**Action item**
An exact restatement of all the data is required, with the pictures left out.

(Spatial localization data)

◇ ◇ ◇ ◇

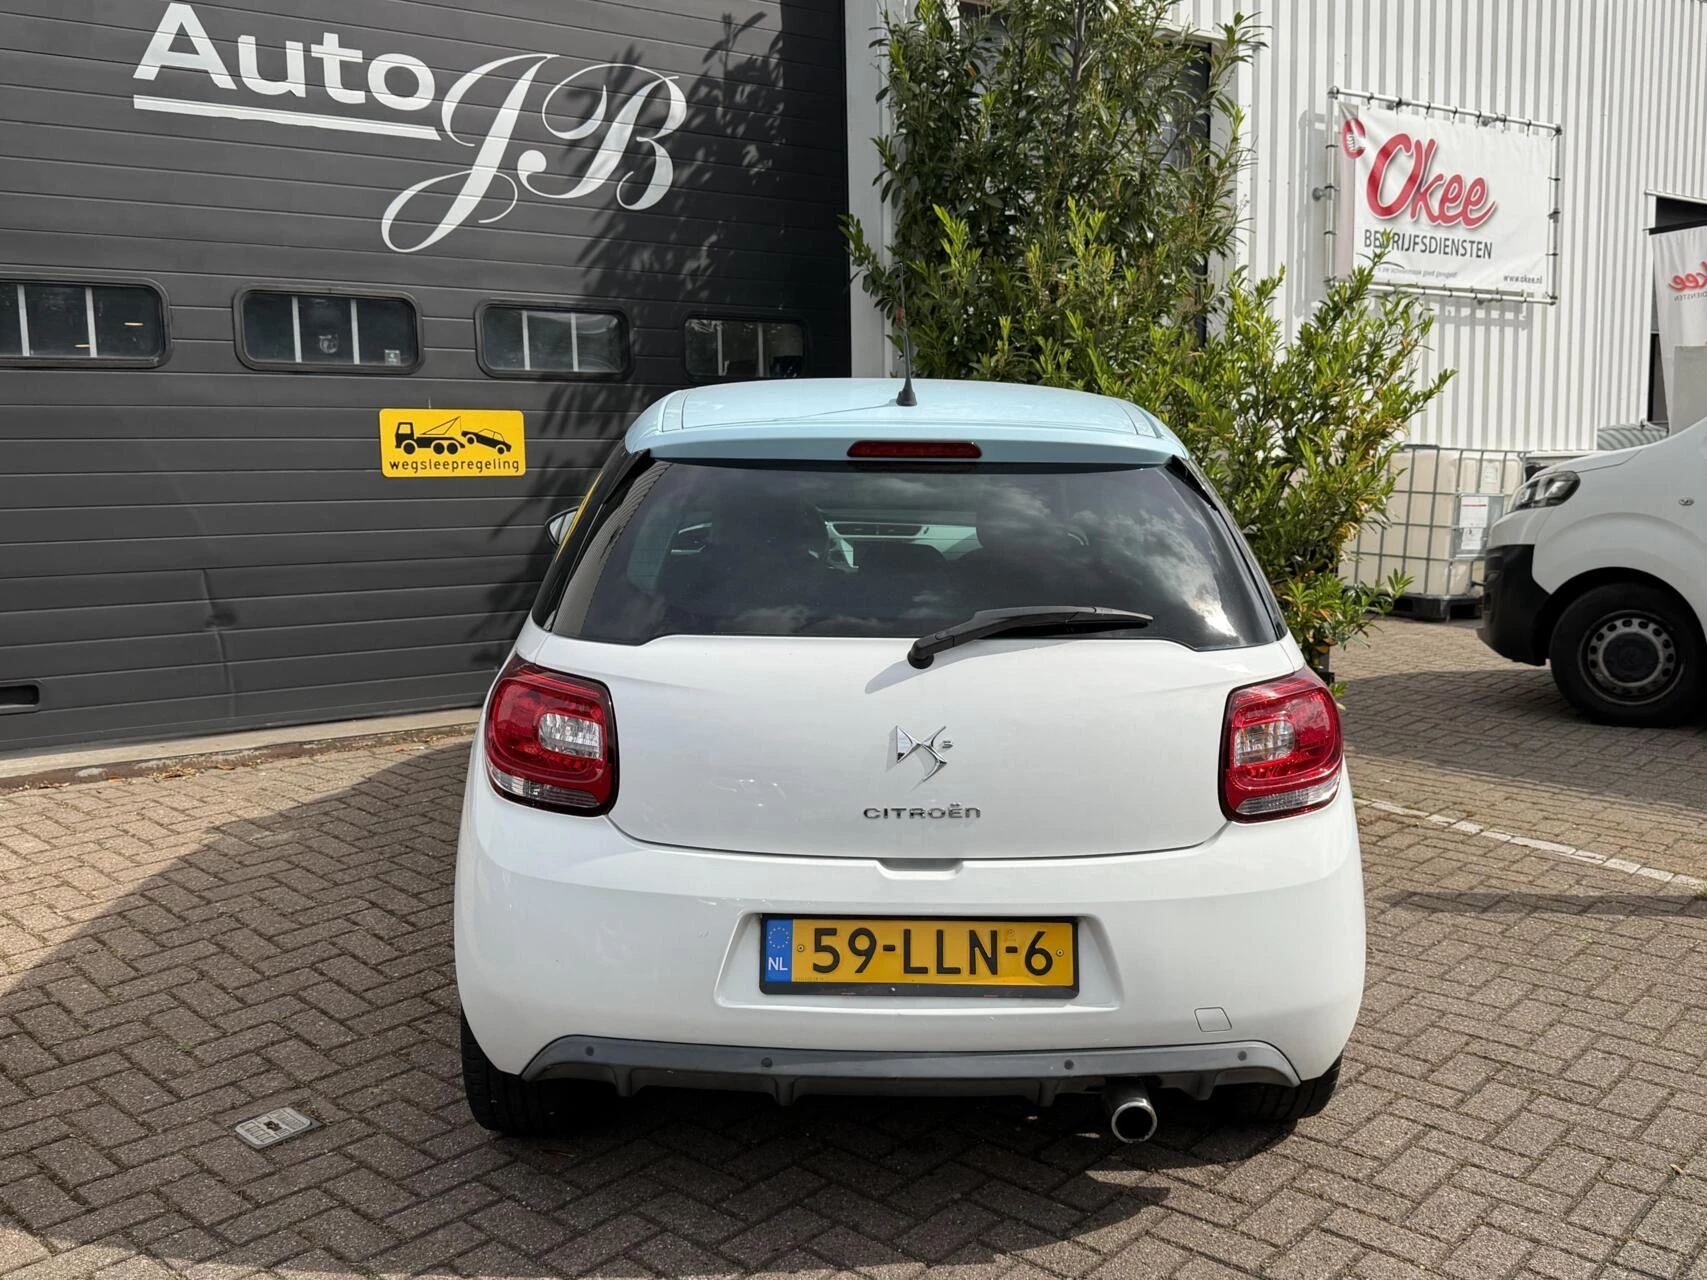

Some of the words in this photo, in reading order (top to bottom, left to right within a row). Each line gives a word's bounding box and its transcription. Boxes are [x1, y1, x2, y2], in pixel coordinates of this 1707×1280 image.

[133, 2, 435, 111] Auto
[381, 54, 687, 253] JB
[389, 458, 519, 474] wegsleepregeling
[768, 957, 788, 972] NL
[812, 927, 1054, 977] 59-LLN-6
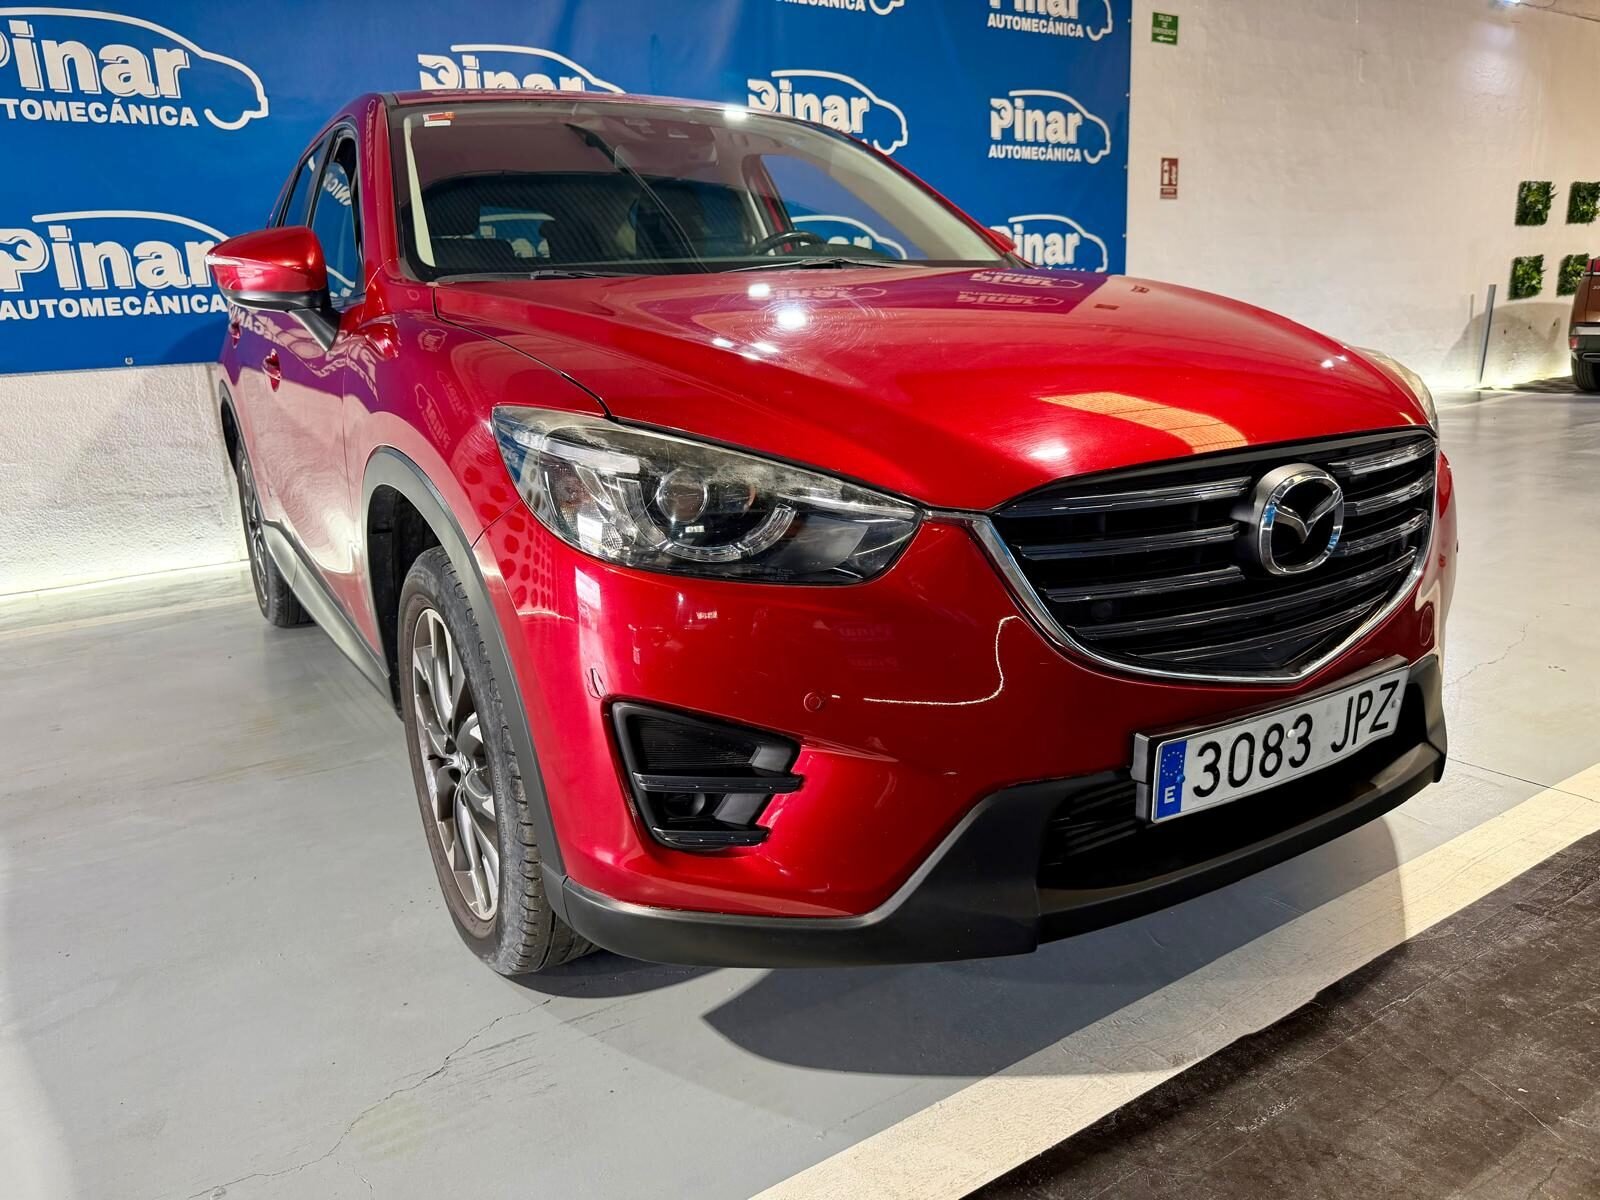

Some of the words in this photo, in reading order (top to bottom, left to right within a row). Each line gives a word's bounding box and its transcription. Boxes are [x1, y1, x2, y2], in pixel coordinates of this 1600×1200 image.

[987, 13, 1084, 38] AUTOMECÁNICA
[0, 19, 190, 99] inar
[990, 98, 1082, 144] Pinar
[988, 144, 1081, 162] AUTOMECÁNICA
[0, 290, 228, 321] AUTOMECÁNICA
[1164, 785, 1176, 804] E
[1193, 713, 1313, 798] 3083
[1330, 680, 1400, 753] JPZ
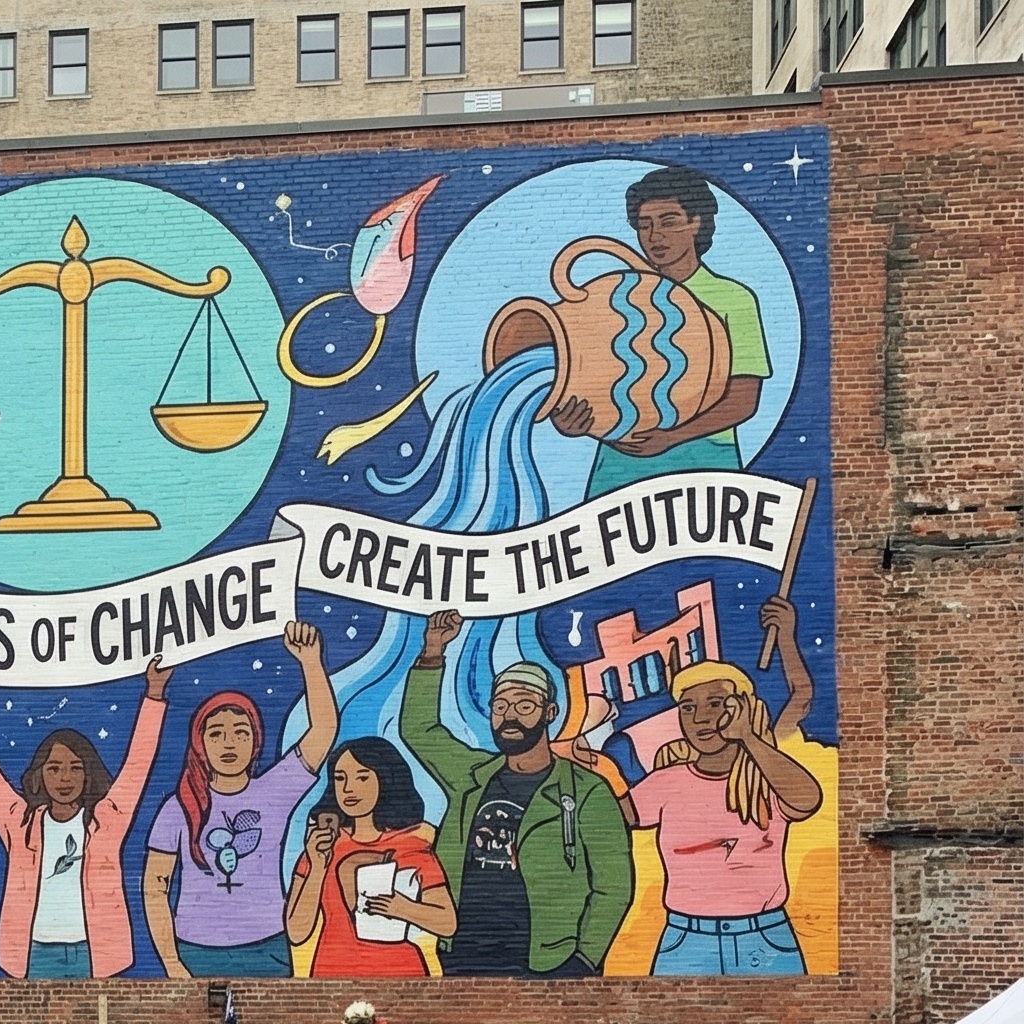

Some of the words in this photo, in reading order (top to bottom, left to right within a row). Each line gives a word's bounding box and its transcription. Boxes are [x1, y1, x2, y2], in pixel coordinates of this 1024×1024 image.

[318, 522, 490, 602] CREATE
[504, 524, 591, 594] THE
[596, 486, 782, 568] FUTURE
[31, 616, 77, 662] OF
[90, 559, 278, 666] CHANGE
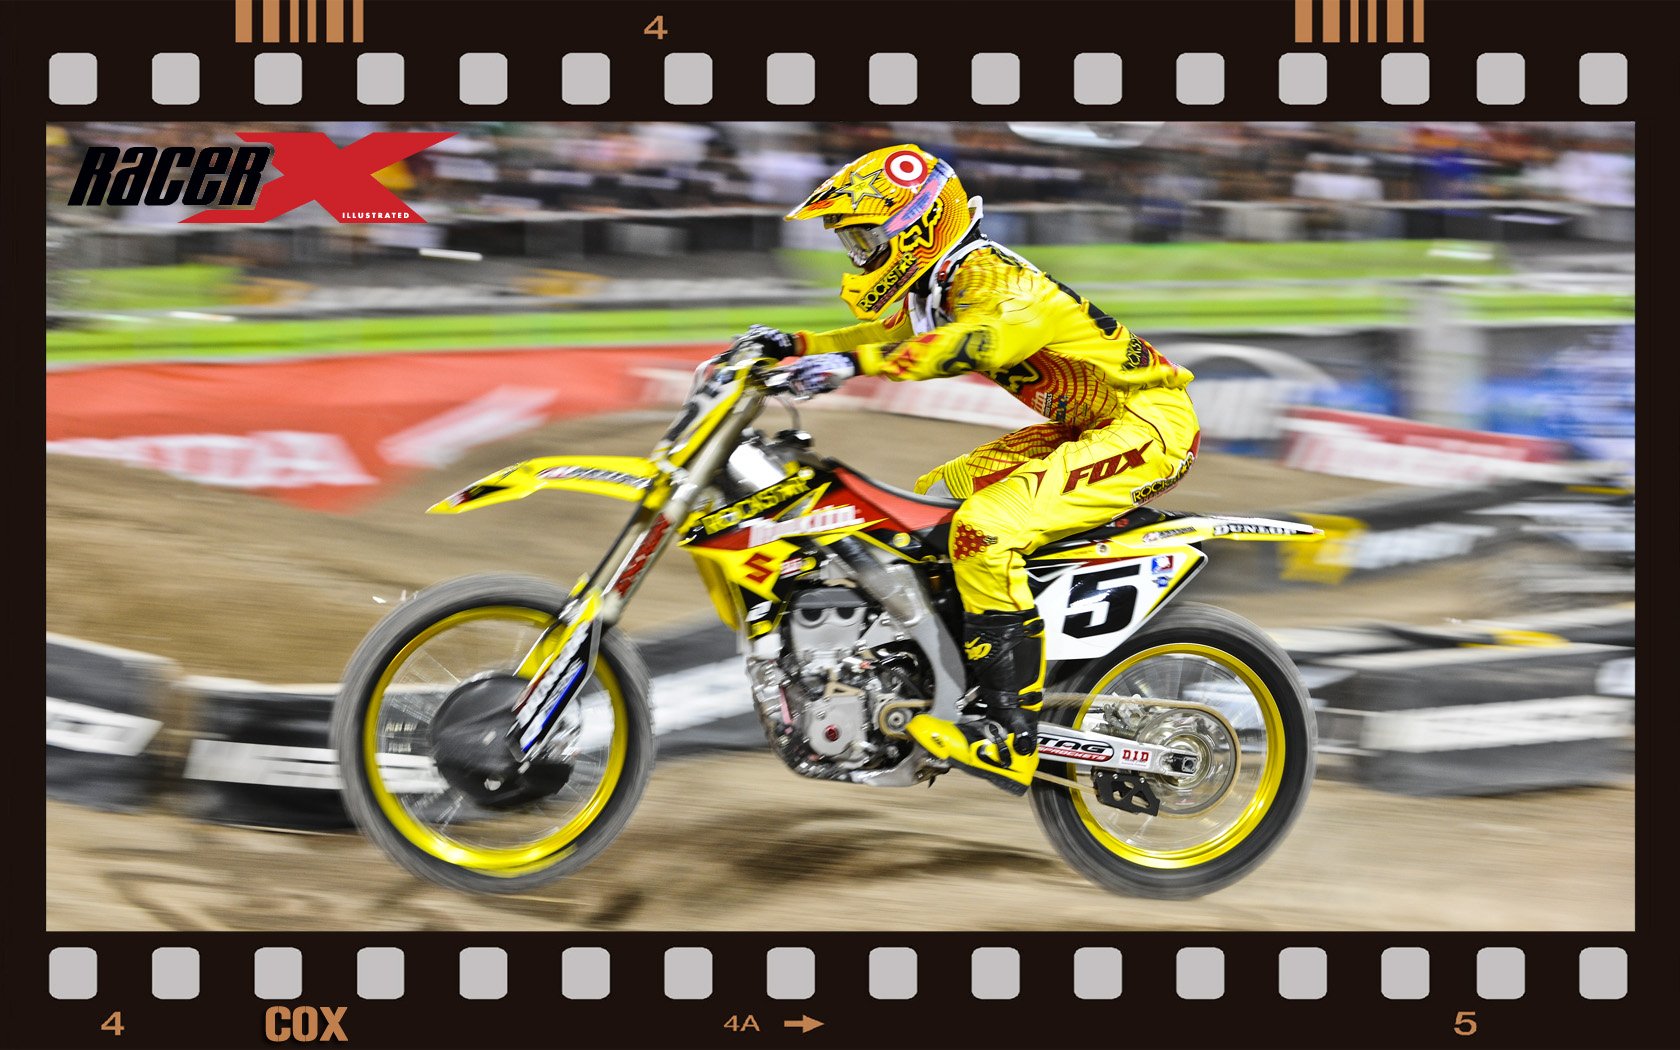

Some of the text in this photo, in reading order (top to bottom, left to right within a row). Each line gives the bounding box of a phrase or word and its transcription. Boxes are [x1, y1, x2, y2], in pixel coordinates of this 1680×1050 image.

[1062, 439, 1154, 495] FOX
[1062, 563, 1142, 640] 5
[1038, 736, 1112, 753] TAG

◇ ◇ ◇ ◇

**Written solution**
Some of the words in this photo, in reading order (top to bottom, left to right within a row). Each line gives a word's bounding box and its transcription. Boxes are [x1, y1, x2, y2], in pixel coordinates of this 1707×1280 image.

[133, 2, 435, 111] Auto
[381, 54, 687, 253] JB
[389, 458, 519, 474] wegsleepregeling
[768, 957, 788, 972] NL
[812, 927, 1054, 977] 59-LLN-6

Some of the words in this photo, in reading order (top to bottom, left to right within a row). Each line gives a word's bounding box and its transcription. Boxes are [x1, y1, x2, y2], in pixel coordinates of this 1600×1200 image.

[987, 13, 1084, 38] AUTOMECÁNICA
[0, 19, 190, 99] inar
[990, 98, 1082, 144] Pinar
[988, 144, 1081, 162] AUTOMECÁNICA
[0, 290, 228, 321] AUTOMECÁNICA
[1164, 785, 1176, 804] E
[1193, 713, 1313, 798] 3083
[1330, 680, 1400, 753] JPZ

Some of the words in this photo, in reading order (top to bottom, left to right within a row). Each line gives a word's bounding box and its transcription. Boxes are [x1, y1, x2, y2], in pixel coordinates of this 1024×1024 image.

[318, 522, 490, 602] CREATE
[504, 524, 591, 594] THE
[596, 486, 782, 568] FUTURE
[31, 616, 77, 662] OF
[90, 559, 278, 666] CHANGE

Some of the text in this photo, in reading order (top to bottom, left to right within a row). Each line gives the bounding box of a phrase or word and its transcription. Boxes are [x1, y1, x2, y2], in pixel coordinates of this 1680×1050 image.

[1062, 439, 1154, 495] FOX
[1062, 563, 1142, 640] 5
[1038, 736, 1112, 753] TAG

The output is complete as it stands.